+++ Data to use

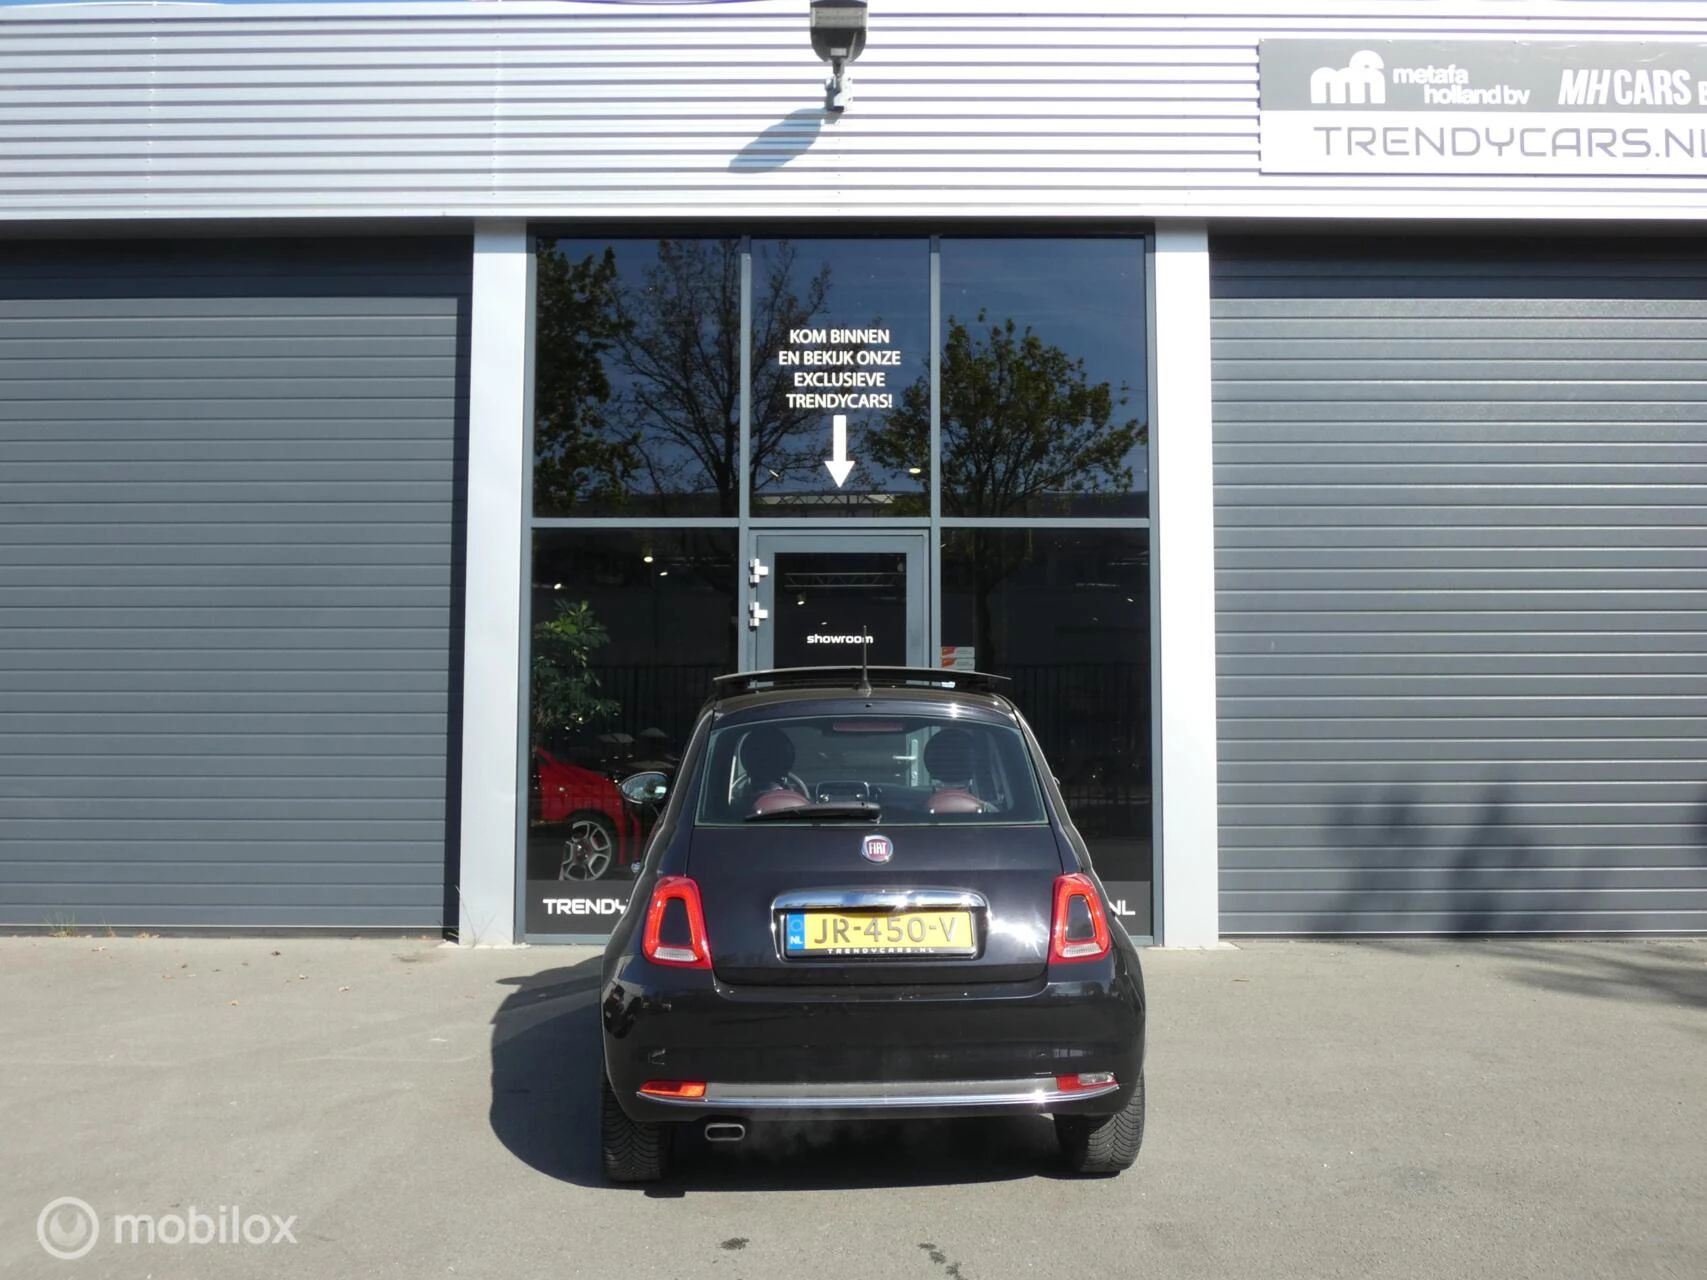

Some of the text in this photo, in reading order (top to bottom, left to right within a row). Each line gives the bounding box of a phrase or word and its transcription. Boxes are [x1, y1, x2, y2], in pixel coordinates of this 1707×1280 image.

[1393, 64, 1469, 84] metafa
[1424, 84, 1531, 104] holland bv
[789, 329, 890, 344] KOM BINNEN
[778, 351, 902, 366] EN BEKIJK ONZE
[794, 372, 886, 387] EXCLUSIEVE
[786, 394, 893, 409] TRENDYCARS!
[806, 633, 874, 644] showroom
[868, 842, 887, 855] FIAT
[790, 916, 957, 945] NL JR-450-V
[827, 947, 935, 955] TRENDYCARS.NL
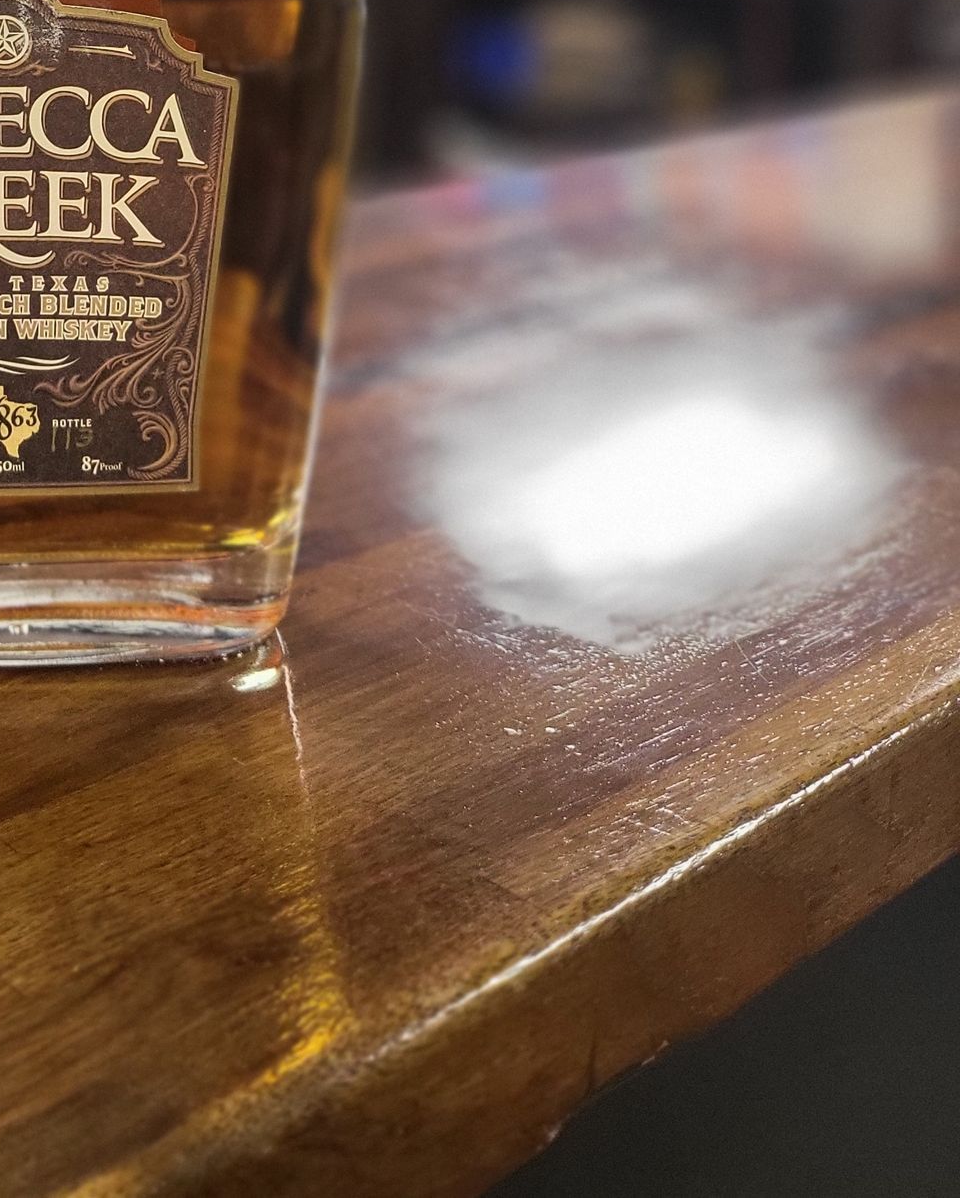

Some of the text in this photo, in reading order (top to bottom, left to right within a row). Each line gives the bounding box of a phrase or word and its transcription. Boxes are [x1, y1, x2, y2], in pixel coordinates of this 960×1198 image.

[9, 275, 110, 292] TEXAS
[40, 294, 162, 318] BLENDED
[13, 319, 133, 341] WHISKEY
[52, 418, 92, 428] BOTTLE
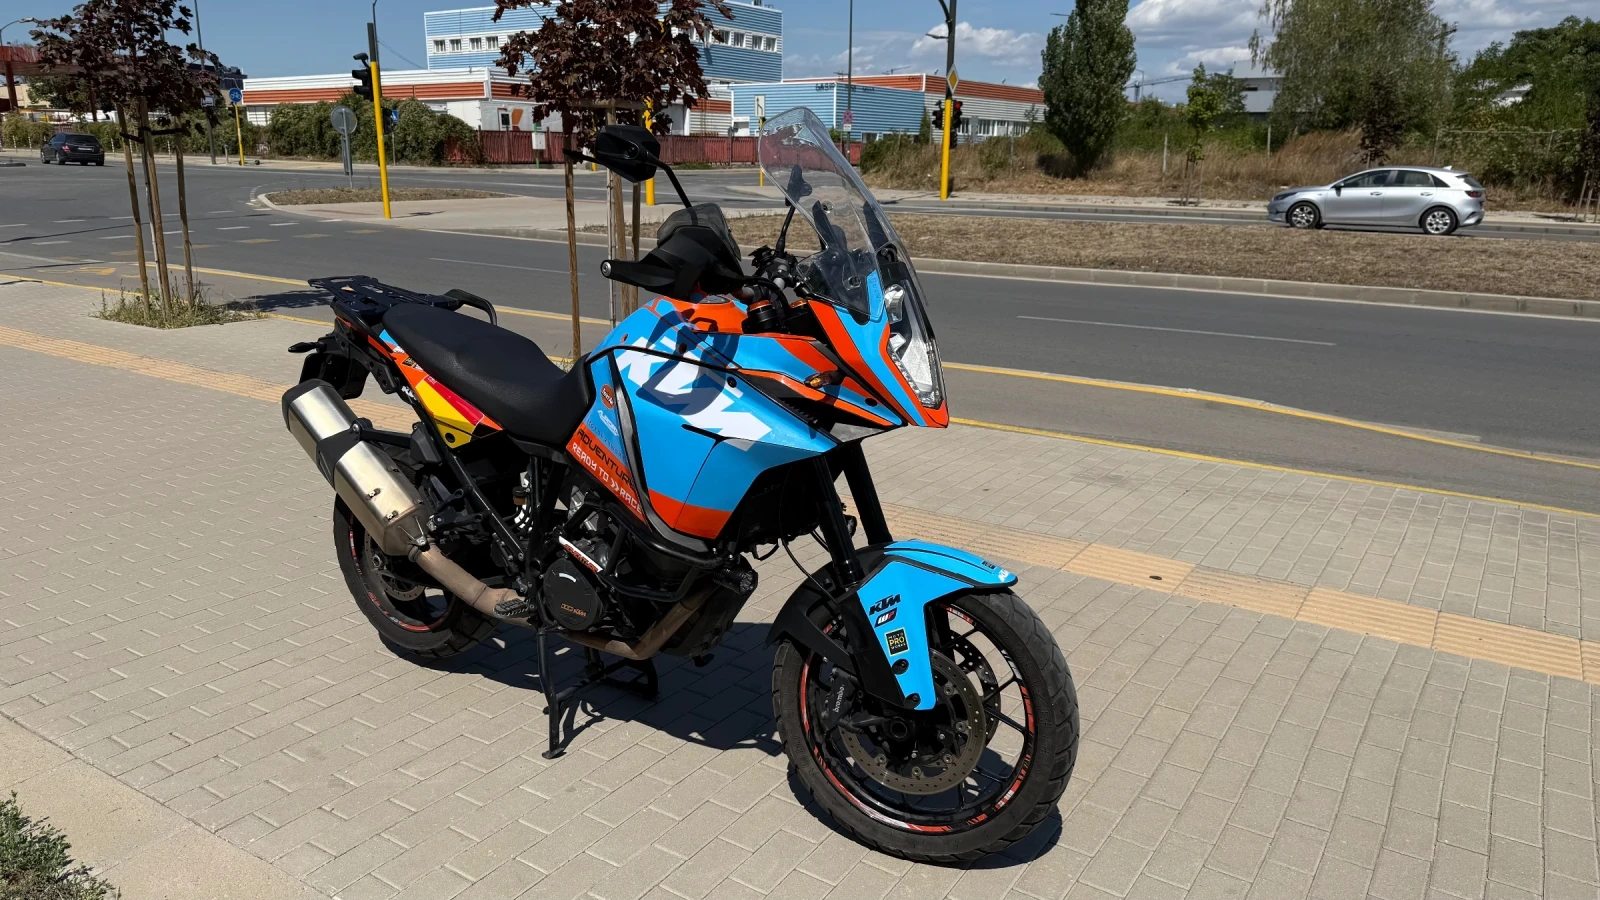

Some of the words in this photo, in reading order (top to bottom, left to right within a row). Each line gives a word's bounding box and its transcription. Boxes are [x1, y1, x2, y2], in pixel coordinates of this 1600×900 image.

[615, 336, 773, 452] KTM
[572, 442, 597, 471] READY
[599, 467, 610, 482] TO
[869, 594, 901, 615] KTM
[889, 636, 905, 647] PRO
[832, 686, 845, 713] brembo

++++++

Task requirements
Your task is to retype, exactly and only, the lines from the one with "Some of the words" through the final line above.

Expected output
Some of the words in this photo, in reading order (top to bottom, left to right within a row). Each line gives a word's bounding box and its transcription. Boxes are [x1, y1, x2, y2], in pixel coordinates of this 1600×900 image.

[615, 336, 773, 452] KTM
[572, 442, 597, 471] READY
[599, 467, 610, 482] TO
[869, 594, 901, 615] KTM
[889, 636, 905, 647] PRO
[832, 686, 845, 713] brembo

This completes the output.